§ TASK DESCRIPTION: Output every record exactly, apart from its images.

═══ DATA

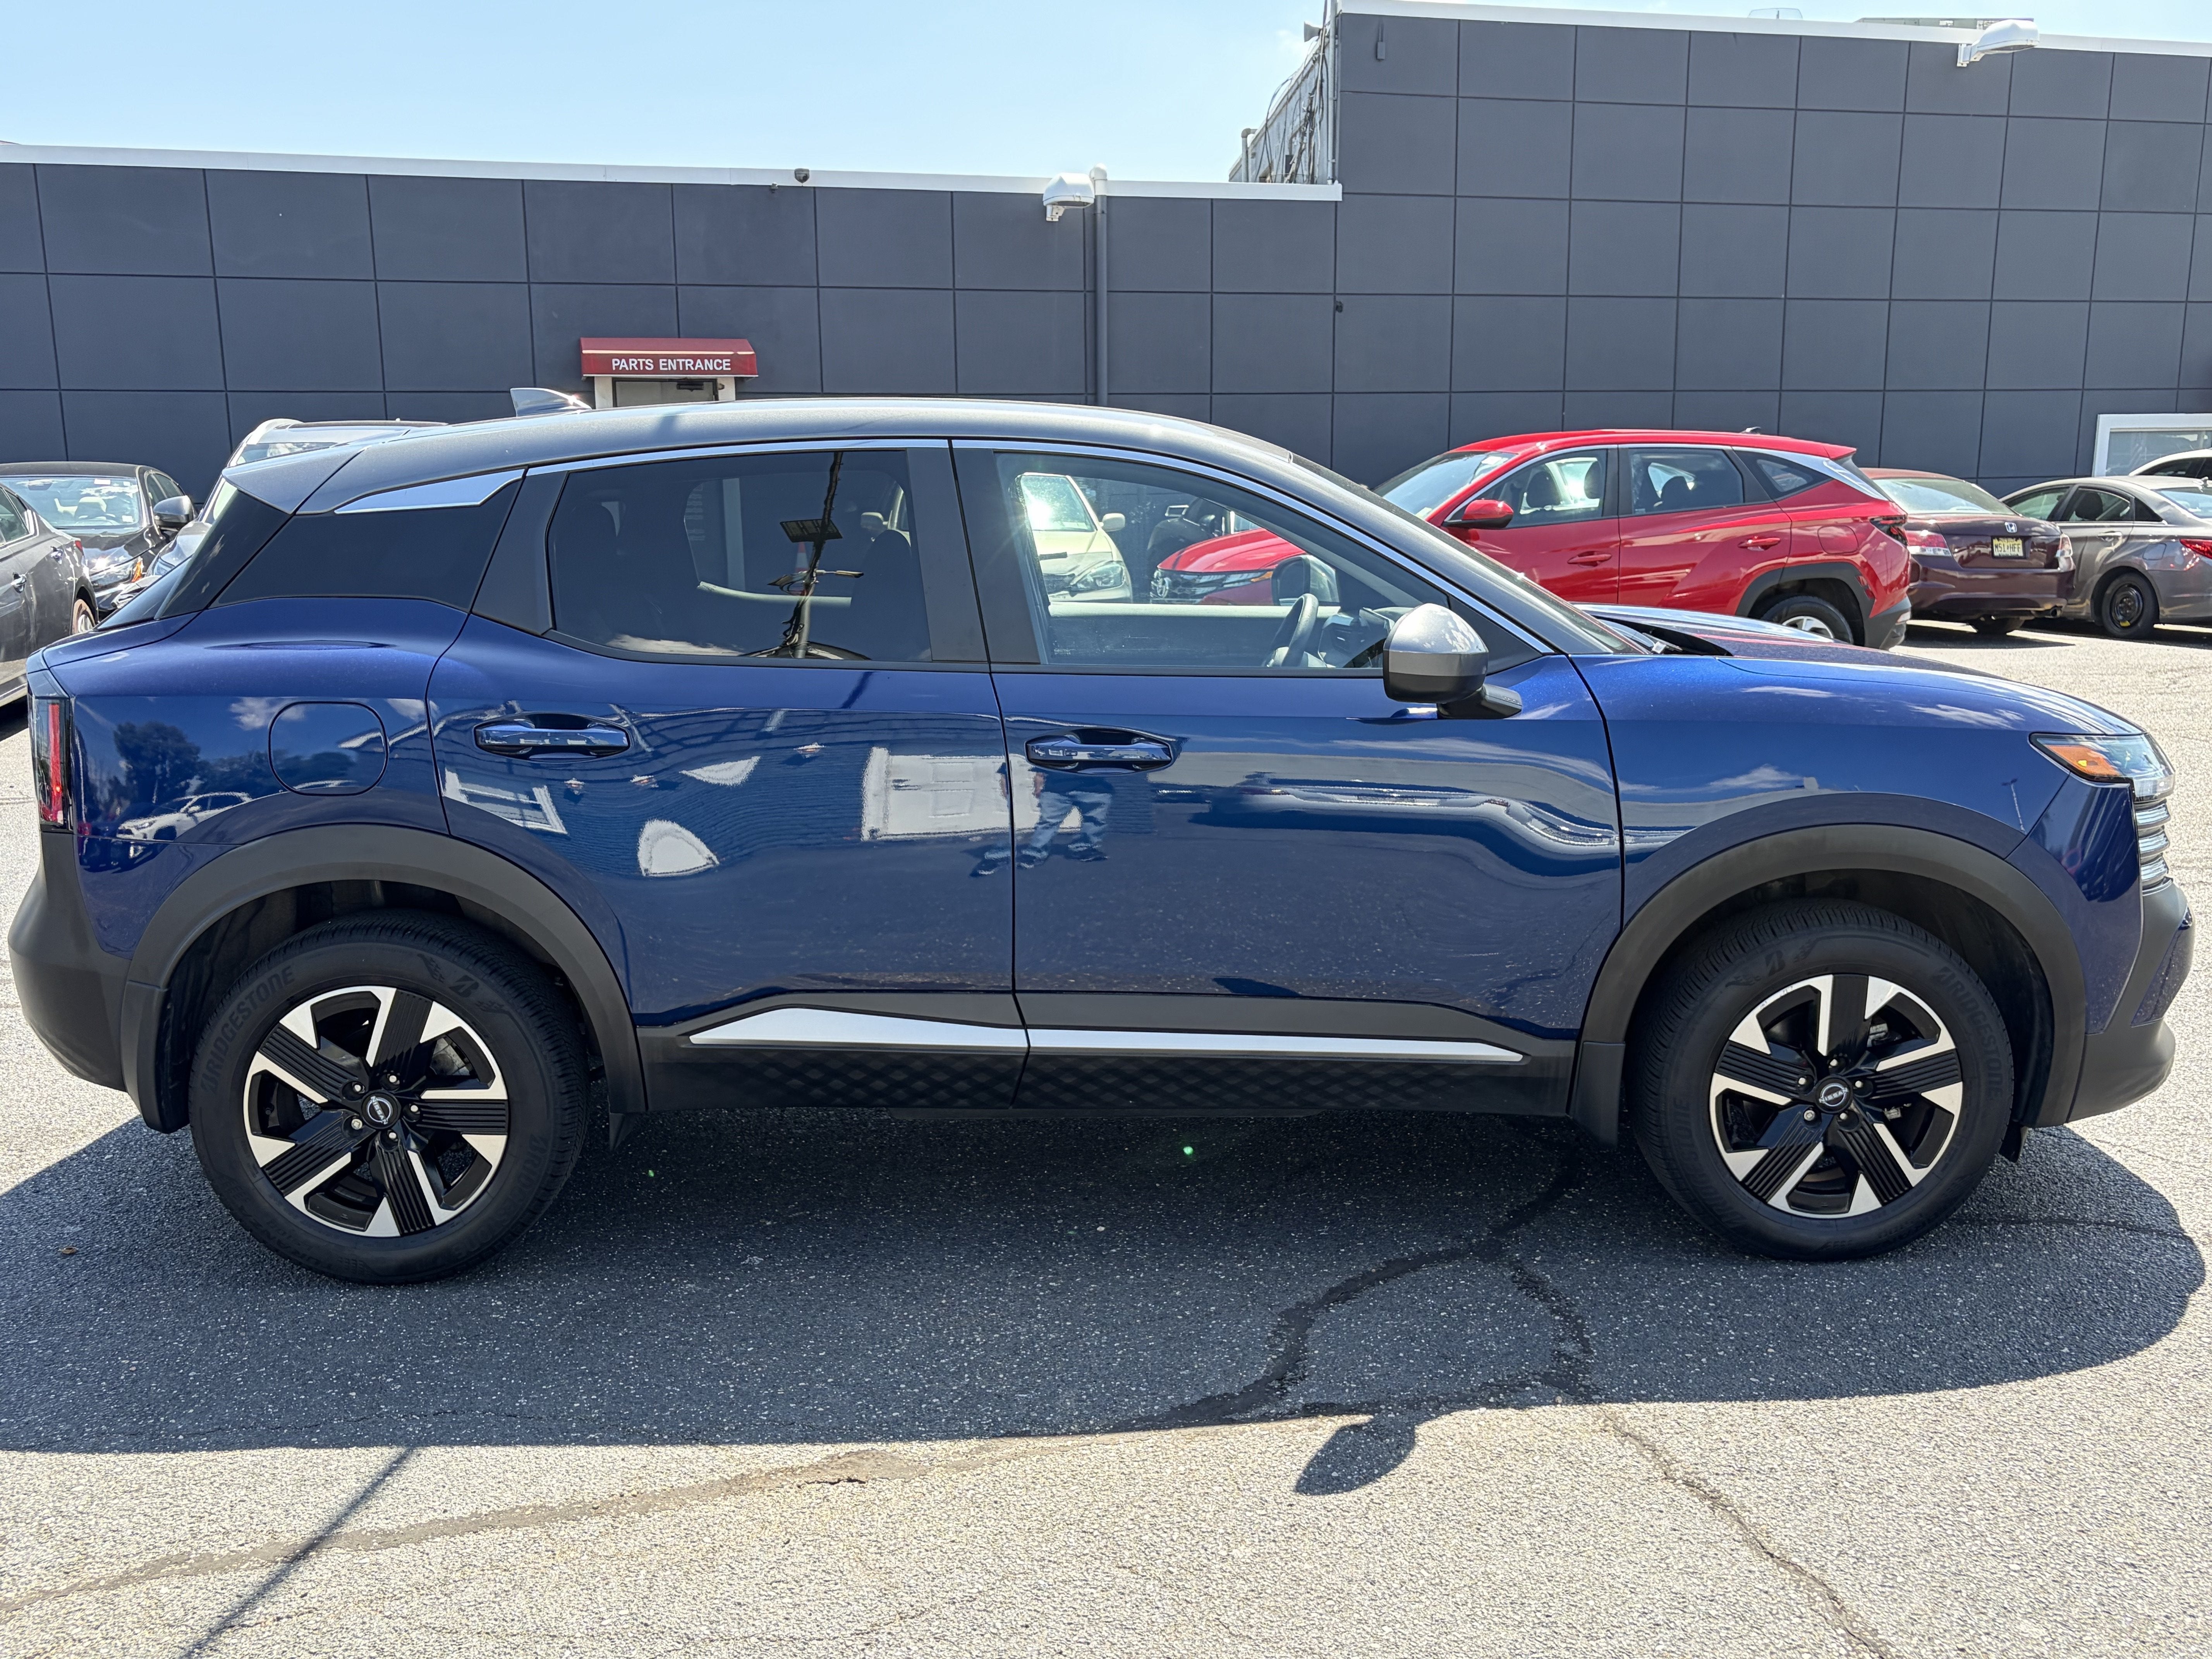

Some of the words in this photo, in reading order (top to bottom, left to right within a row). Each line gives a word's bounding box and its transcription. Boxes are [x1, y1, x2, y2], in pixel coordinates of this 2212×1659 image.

[612, 358, 654, 371] PARTS
[659, 359, 731, 371] ENTRANCE
[200, 965, 295, 1094] BRIDGESTONE
[1930, 966, 2003, 1101] BRIDGESTONE
[1819, 1087, 1849, 1104] NISSAN
[370, 1096, 388, 1125] NISSAN
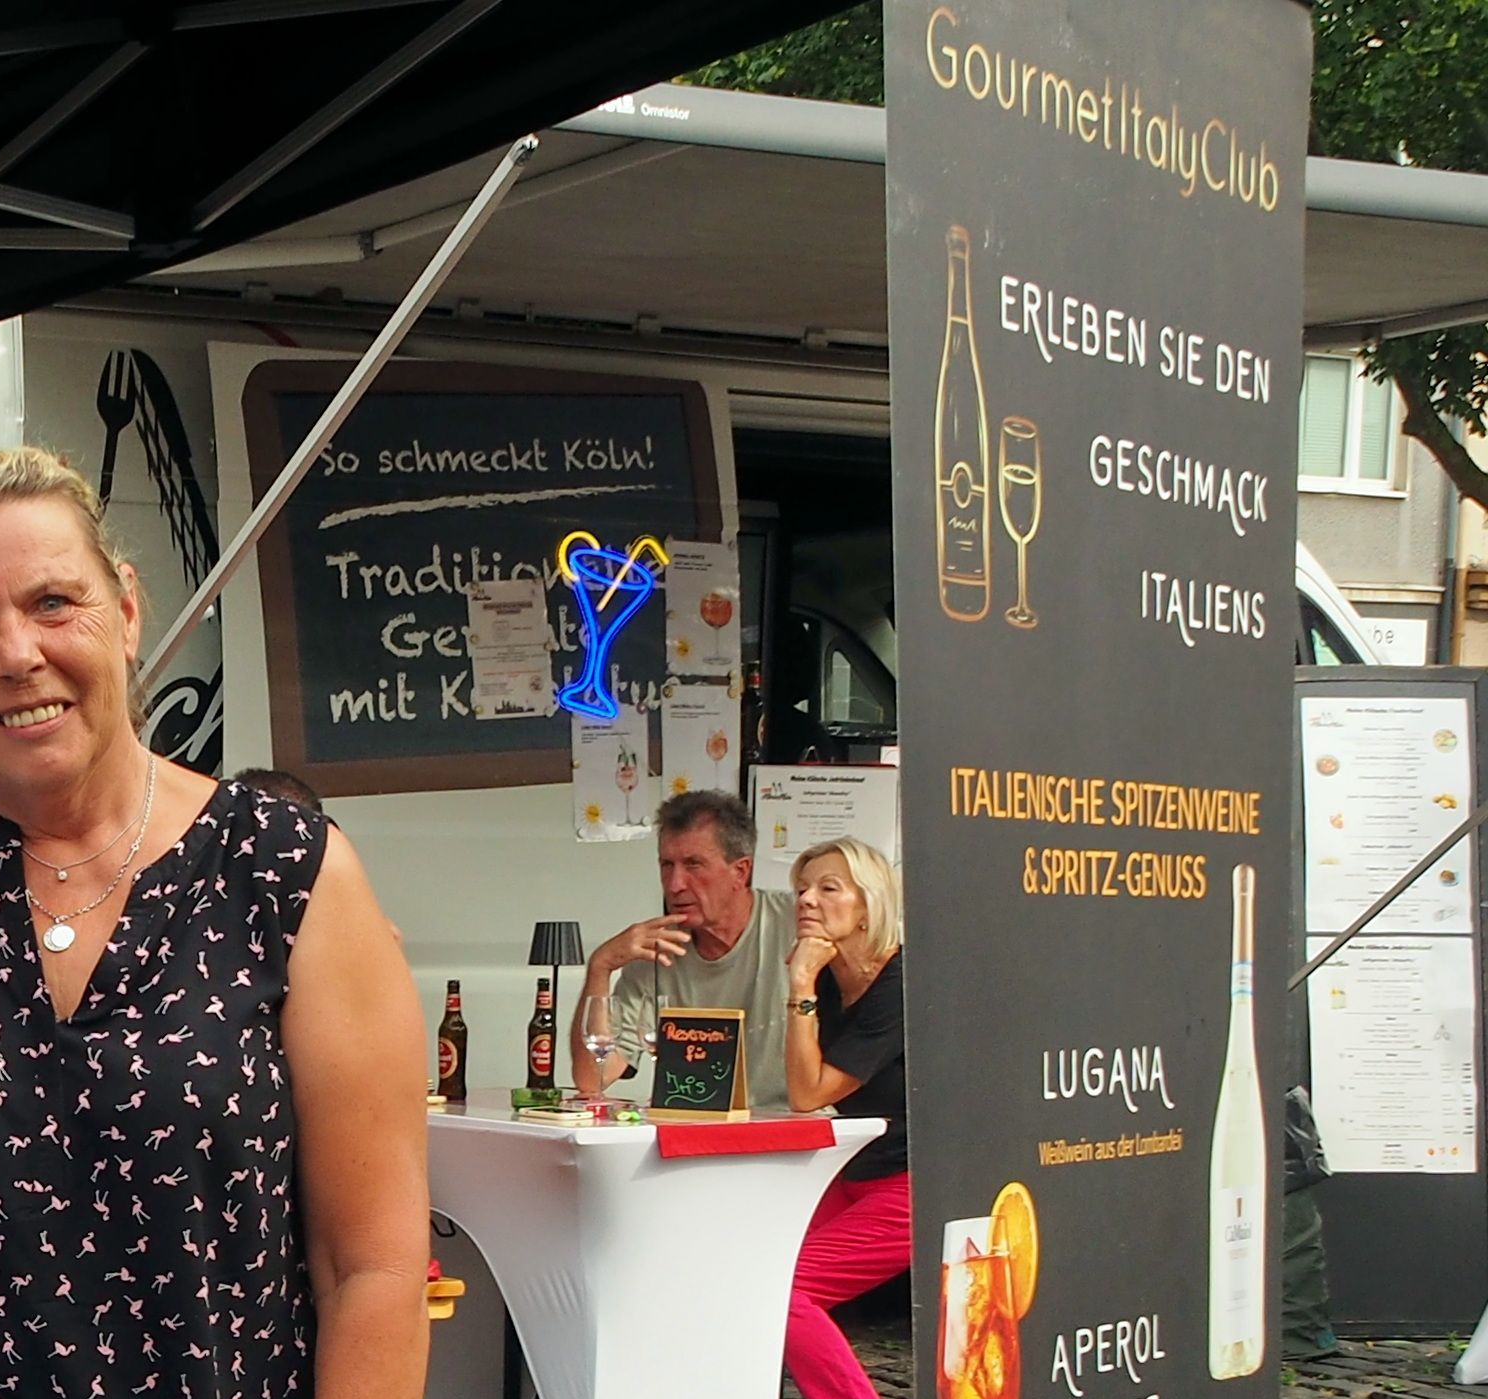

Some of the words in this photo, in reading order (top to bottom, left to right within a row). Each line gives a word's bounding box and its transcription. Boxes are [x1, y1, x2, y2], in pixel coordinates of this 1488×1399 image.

[926, 6, 1279, 212] GourmetItalyClub
[1000, 275, 1147, 367] ERLEBEN
[1159, 325, 1204, 386] SIE
[1216, 344, 1269, 404] DEN
[319, 440, 360, 477] So
[379, 439, 549, 475] schmeckt
[563, 436, 655, 472] Köln!
[1088, 434, 1267, 536] GESCHMACK
[1141, 570, 1266, 647] ITALIENS
[329, 671, 417, 724] mit
[950, 767, 1105, 825] ITALIENISCHE
[1111, 780, 1261, 835] SPITZENWEINE
[1023, 847, 1039, 894] &
[1041, 849, 1206, 899] SPRITZ-GENUSS
[1043, 1046, 1175, 1112] LUGANA
[1094, 1141, 1116, 1160] aus
[1117, 1133, 1135, 1158] der
[1051, 1314, 1165, 1397] APEROL
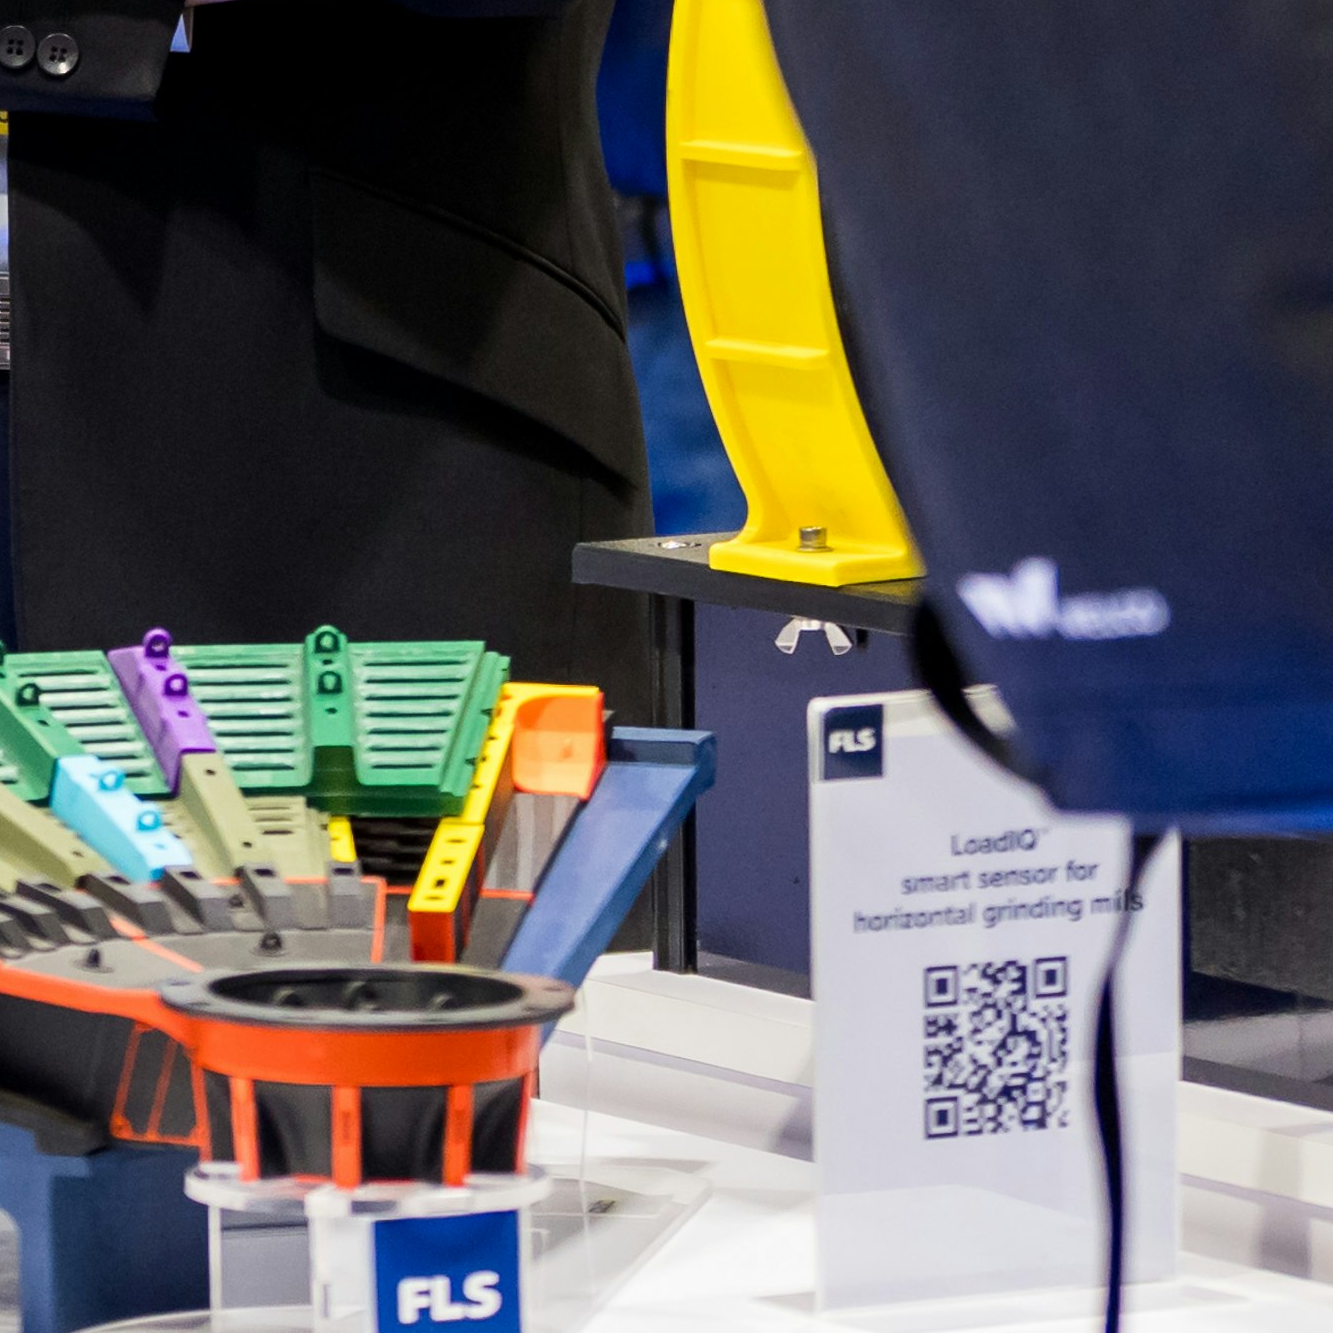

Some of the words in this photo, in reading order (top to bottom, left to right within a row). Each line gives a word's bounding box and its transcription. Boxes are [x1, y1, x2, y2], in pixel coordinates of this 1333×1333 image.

[828, 726, 876, 753] FLS
[901, 870, 970, 895] smart
[978, 865, 1059, 890] sensor
[1066, 859, 1100, 883] for
[852, 900, 978, 933] horizontal
[983, 895, 1083, 929] grinding
[397, 1270, 503, 1325] FLS
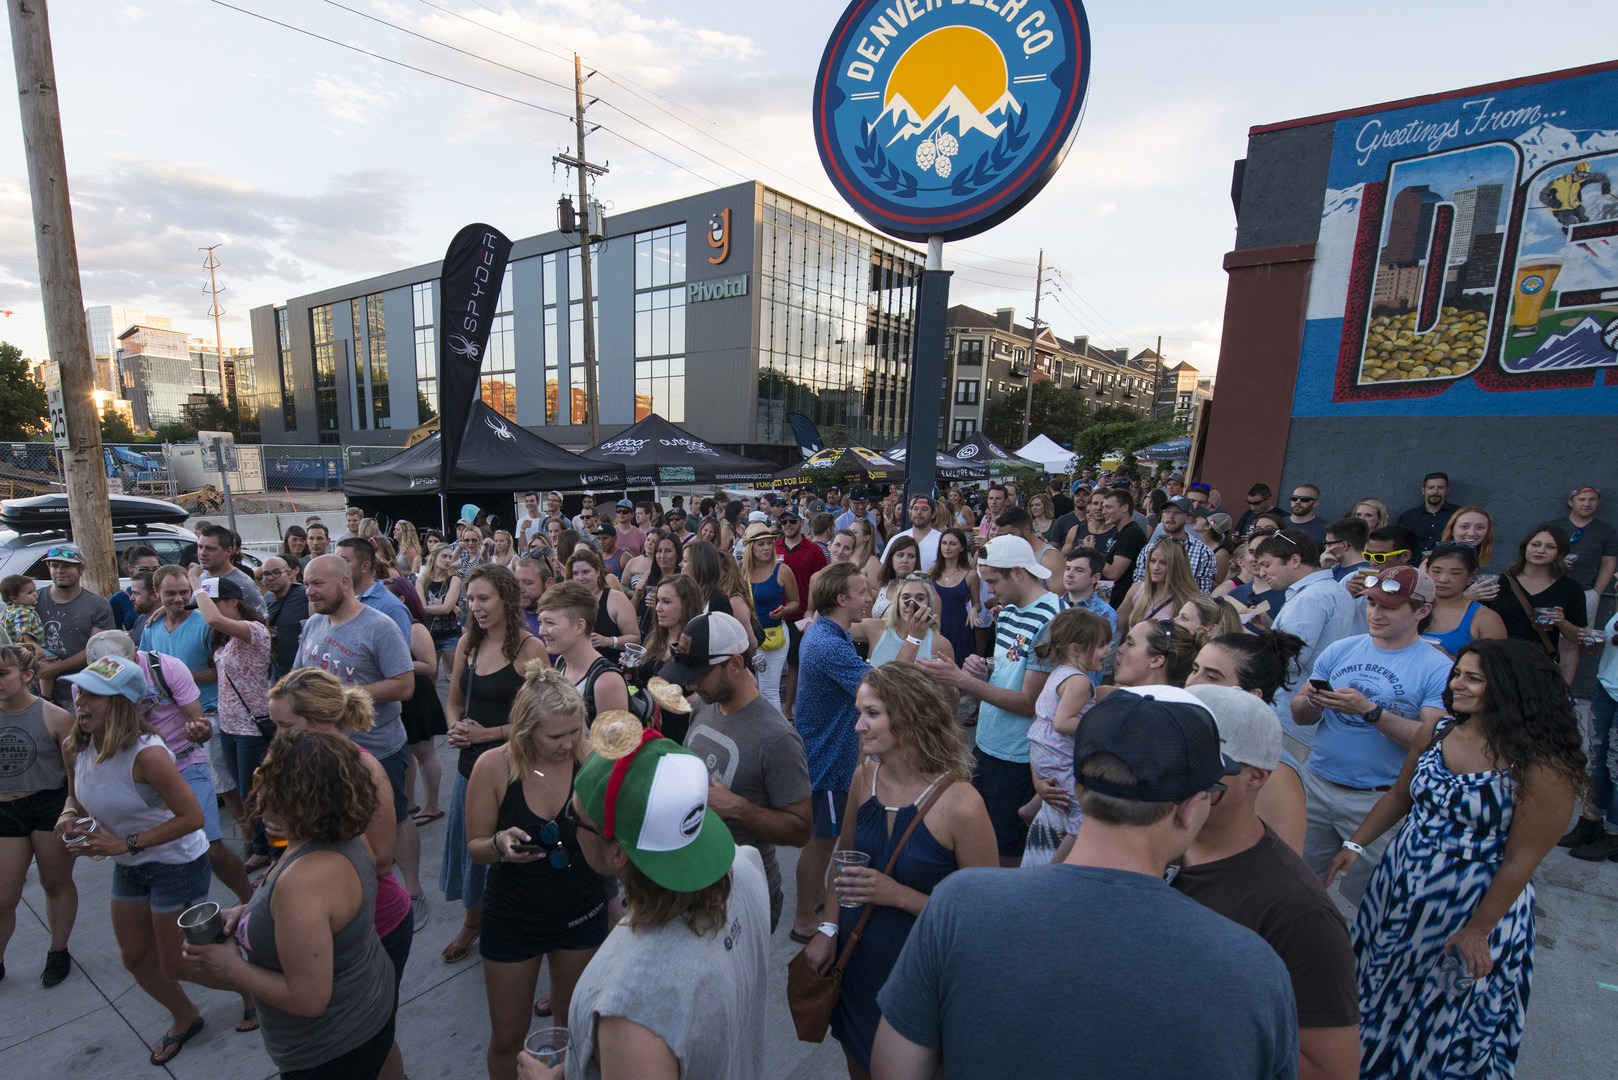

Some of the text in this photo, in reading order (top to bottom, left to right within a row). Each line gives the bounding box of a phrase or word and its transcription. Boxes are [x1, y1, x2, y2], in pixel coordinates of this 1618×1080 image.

══════

§ WRITTEN ANSWER:
Some of the words in this photo, in reading order (top to bottom, left to right within a row). Each line gives a word's bounding box and its transcription. Boxes are [x1, y1, x2, y2], in pixel coordinates of this 2212×1659 image.

[612, 358, 654, 371] PARTS
[659, 359, 731, 371] ENTRANCE
[200, 965, 295, 1094] BRIDGESTONE
[1930, 966, 2003, 1101] BRIDGESTONE
[1819, 1087, 1849, 1104] NISSAN
[370, 1096, 388, 1125] NISSAN

Some of the words in this photo, in reading order (top to bottom, left to right within a row). Each line gives a word's bounding box and its transcription. Boxes are [x1, y1, x2, y2], in pixel coordinates of this 1488×1399 image.

[926, 6, 1279, 212] GourmetItalyClub
[1000, 275, 1147, 367] ERLEBEN
[1159, 325, 1204, 386] SIE
[1216, 344, 1269, 404] DEN
[319, 440, 360, 477] So
[379, 439, 549, 475] schmeckt
[563, 436, 655, 472] Köln!
[1088, 434, 1267, 536] GESCHMACK
[1141, 570, 1266, 647] ITALIENS
[329, 671, 417, 724] mit
[950, 767, 1105, 825] ITALIENISCHE
[1111, 780, 1261, 835] SPITZENWEINE
[1023, 847, 1039, 894] &
[1041, 849, 1206, 899] SPRITZ-GENUSS
[1043, 1046, 1175, 1112] LUGANA
[1094, 1141, 1116, 1160] aus
[1117, 1133, 1135, 1158] der
[1051, 1314, 1165, 1397] APEROL

Some of the words in this photo, in reading order (top to bottom, left to right within a row). Each line gives a word's bounding box and its transcription. Boxes are [x1, y1, x2, y2], in pixel coordinates of this 1333×1333 image.

[828, 726, 876, 753] FLS
[901, 870, 970, 895] smart
[978, 865, 1059, 890] sensor
[1066, 859, 1100, 883] for
[852, 900, 978, 933] horizontal
[983, 895, 1083, 929] grinding
[397, 1270, 503, 1325] FLS

Some of the text in this photo, in reading order (top to bottom, left to right within a row). Each line gives the bounding box of a phrase or word and its transcription. Boxes are [x1, y1, x2, y2], in pixel coordinates of this 1618×1080 image.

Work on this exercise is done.